> [ASSIGNMENT]
The expected output is the full data, repeated exactly, without pictures.

Image-backed grounding data

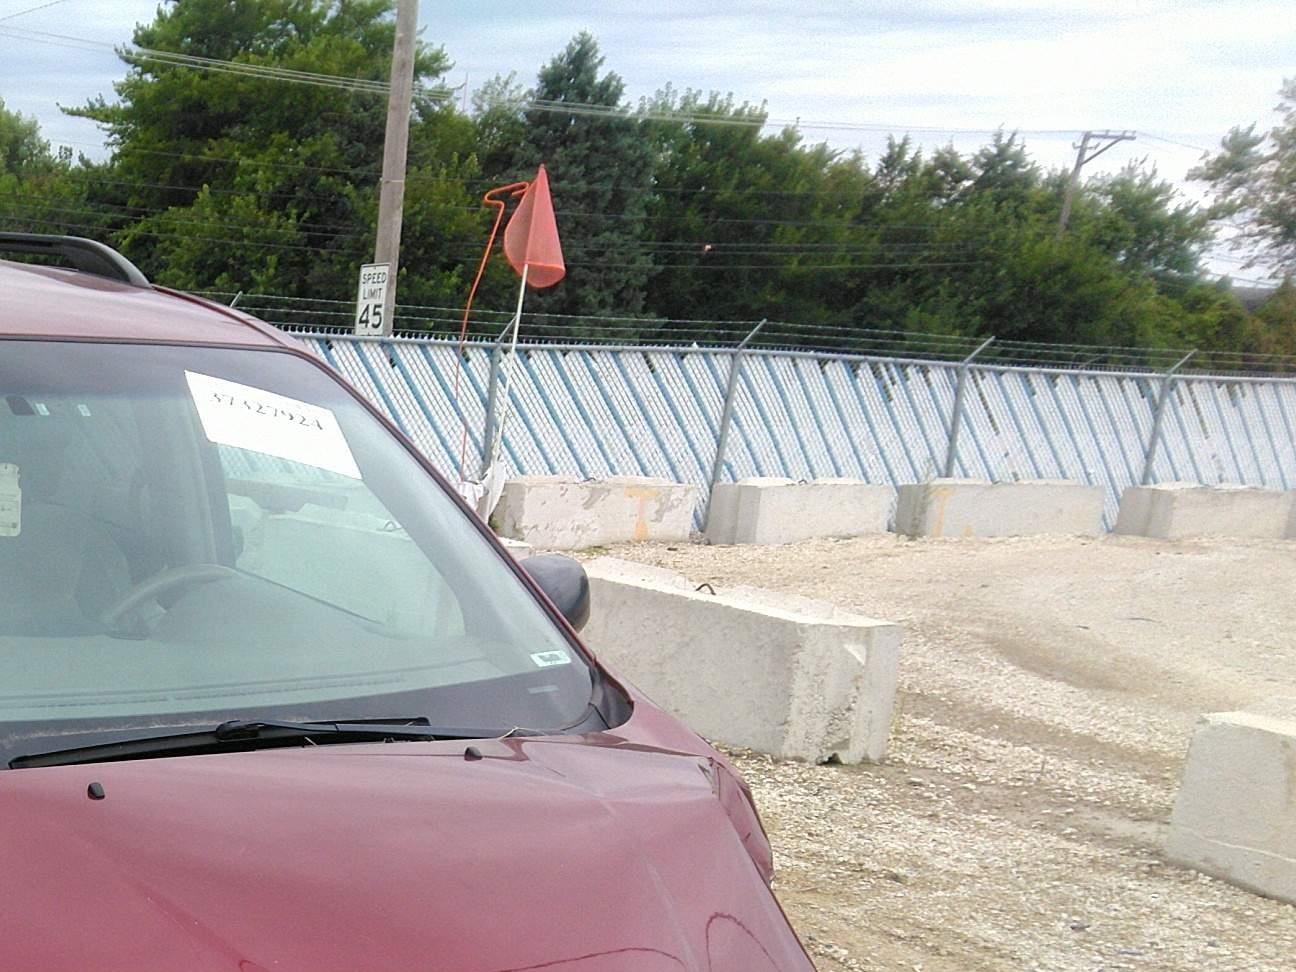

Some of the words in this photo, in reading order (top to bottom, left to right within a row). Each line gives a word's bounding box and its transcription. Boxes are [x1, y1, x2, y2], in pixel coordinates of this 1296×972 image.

[362, 271, 387, 284] SPEED
[362, 287, 383, 300] LIMIT
[359, 303, 383, 329] 45
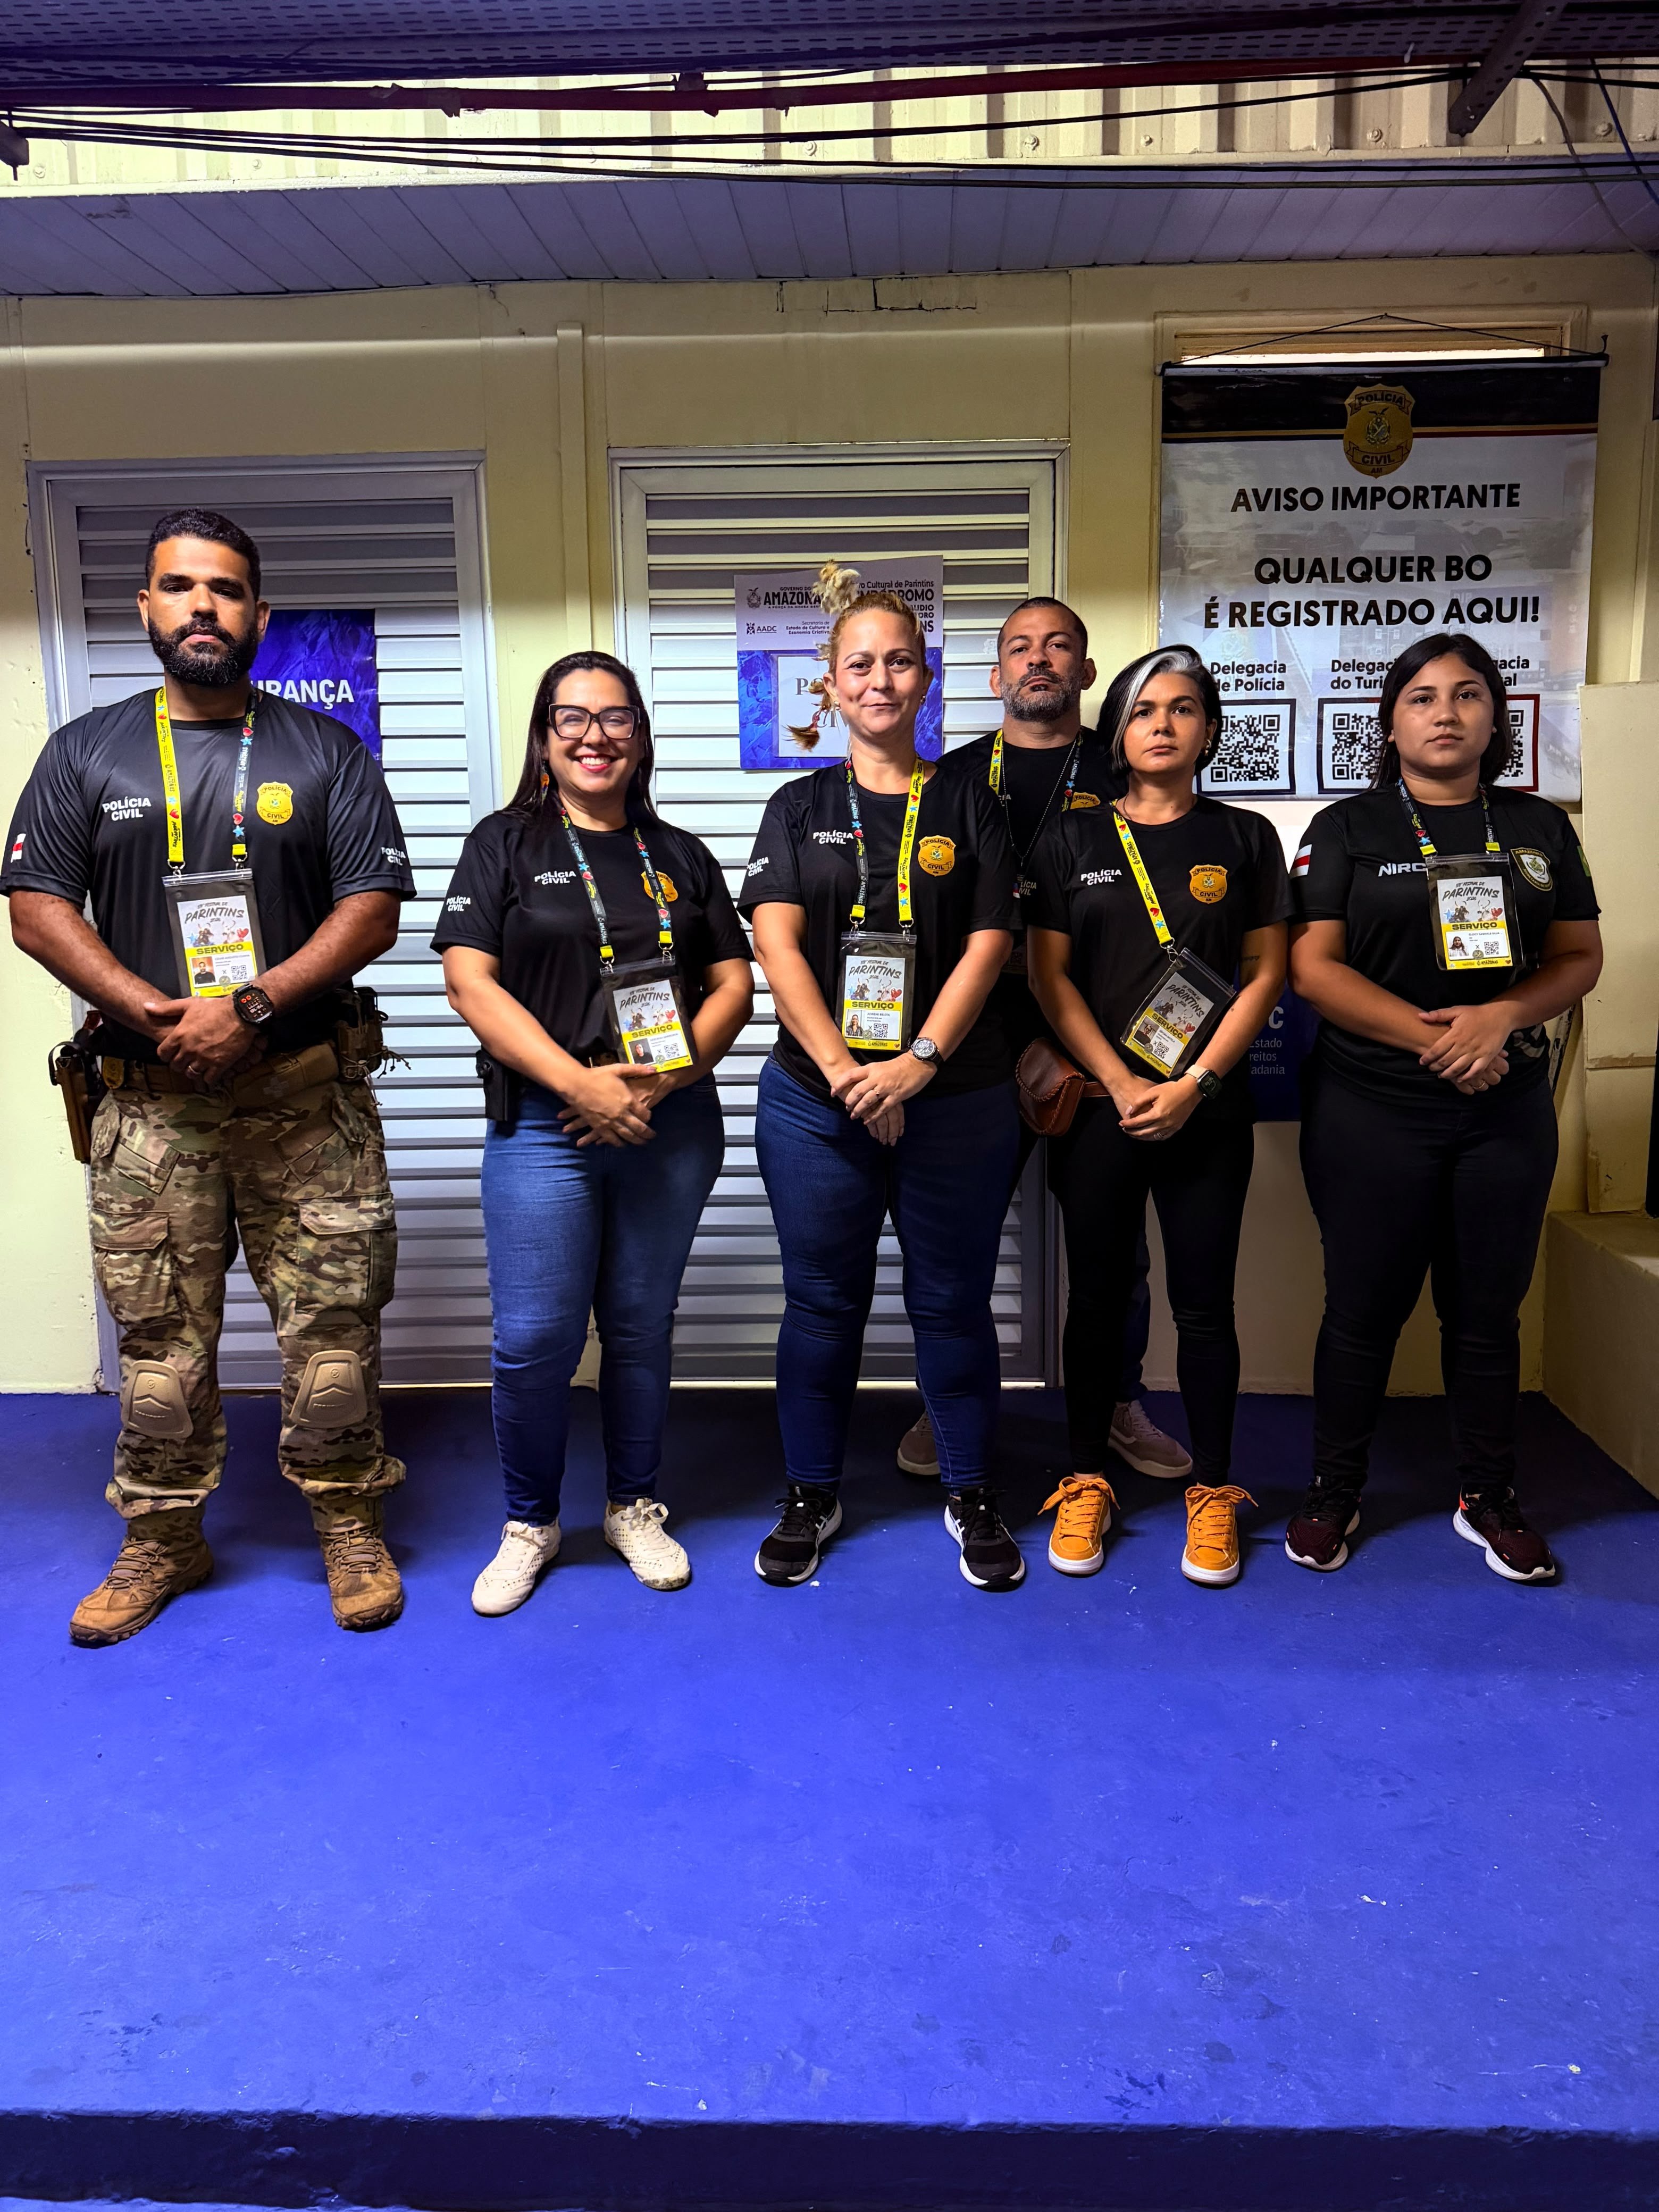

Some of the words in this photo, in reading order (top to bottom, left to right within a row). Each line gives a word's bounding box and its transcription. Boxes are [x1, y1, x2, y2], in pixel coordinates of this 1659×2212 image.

[1362, 454, 1395, 465] CIVIL
[1230, 487, 1324, 512] AVISO
[1331, 483, 1521, 510] IMPORTANTE
[1254, 556, 1437, 584] QUALQUER
[1445, 554, 1492, 582] BO
[904, 579, 934, 588] Parintins
[1204, 596, 1220, 629] É
[1229, 598, 1435, 628] REGISTRADO
[1442, 596, 1540, 625] AQUI!
[1211, 660, 1286, 677] Delegacia
[1331, 659, 1394, 675] Delegac
[1235, 677, 1285, 691] Polícia
[1330, 676, 1352, 690] do
[1355, 676, 1383, 689] Turi
[102, 796, 152, 813] POLÍCIA
[111, 808, 144, 821] CIVIL
[813, 830, 854, 840] POLÍCIA
[534, 870, 577, 882] POLÍCIA
[1080, 869, 1122, 881] POLÍCIA
[1087, 876, 1115, 885] CIVIL
[1020, 879, 1037, 889] LÍCIA
[446, 895, 471, 905] POLÍCIA
[1442, 887, 1499, 901] PARINTINS
[185, 907, 245, 924] PARINTINS
[196, 944, 244, 955] SERVIÇO
[849, 965, 902, 979] PARINTINS
[619, 992, 670, 1010] PARINTINS
[852, 1001, 894, 1010] SERVIÇO
[1165, 984, 1205, 1018] PARINTINS
[632, 1024, 673, 1038] SERVIÇO
[1152, 1013, 1183, 1039] SERVIÇO
[1250, 1037, 1282, 1048] stado
[1250, 1051, 1277, 1061] reitos
[1250, 1064, 1285, 1075] adania

> [WRITTEN SOLUTION]
Some of the words in this photo, in reading order (top to bottom, left to right within a row). Each line gives a word's bounding box and its transcription. Boxes are [x1, y1, x2, y2], in pixel coordinates of this 1296×972 image.

[362, 271, 387, 284] SPEED
[362, 287, 383, 300] LIMIT
[359, 303, 383, 329] 45

Some of the words in this photo, in reading order (top to bottom, left to right within a row). Each line gives a word's bounding box and its transcription. Boxes are [x1, y1, x2, y2], in pixel coordinates of this 1659×2212 image.

[1362, 454, 1395, 465] CIVIL
[1230, 487, 1324, 512] AVISO
[1331, 483, 1521, 510] IMPORTANTE
[1254, 556, 1437, 584] QUALQUER
[1445, 554, 1492, 582] BO
[904, 579, 934, 588] Parintins
[1204, 596, 1220, 629] É
[1229, 598, 1435, 628] REGISTRADO
[1442, 596, 1540, 625] AQUI!
[1211, 660, 1286, 677] Delegacia
[1331, 659, 1394, 675] Delegac
[1235, 677, 1285, 691] Polícia
[1330, 676, 1352, 690] do
[1355, 676, 1383, 689] Turi
[102, 796, 152, 813] POLÍCIA
[111, 808, 144, 821] CIVIL
[813, 830, 854, 840] POLÍCIA
[534, 870, 577, 882] POLÍCIA
[1080, 869, 1122, 881] POLÍCIA
[1087, 876, 1115, 885] CIVIL
[1020, 879, 1037, 889] LÍCIA
[446, 895, 471, 905] POLÍCIA
[1442, 887, 1499, 901] PARINTINS
[185, 907, 245, 924] PARINTINS
[196, 944, 244, 955] SERVIÇO
[849, 965, 902, 979] PARINTINS
[619, 992, 670, 1010] PARINTINS
[852, 1001, 894, 1010] SERVIÇO
[1165, 984, 1205, 1018] PARINTINS
[632, 1024, 673, 1038] SERVIÇO
[1152, 1013, 1183, 1039] SERVIÇO
[1250, 1037, 1282, 1048] stado
[1250, 1051, 1277, 1061] reitos
[1250, 1064, 1285, 1075] adania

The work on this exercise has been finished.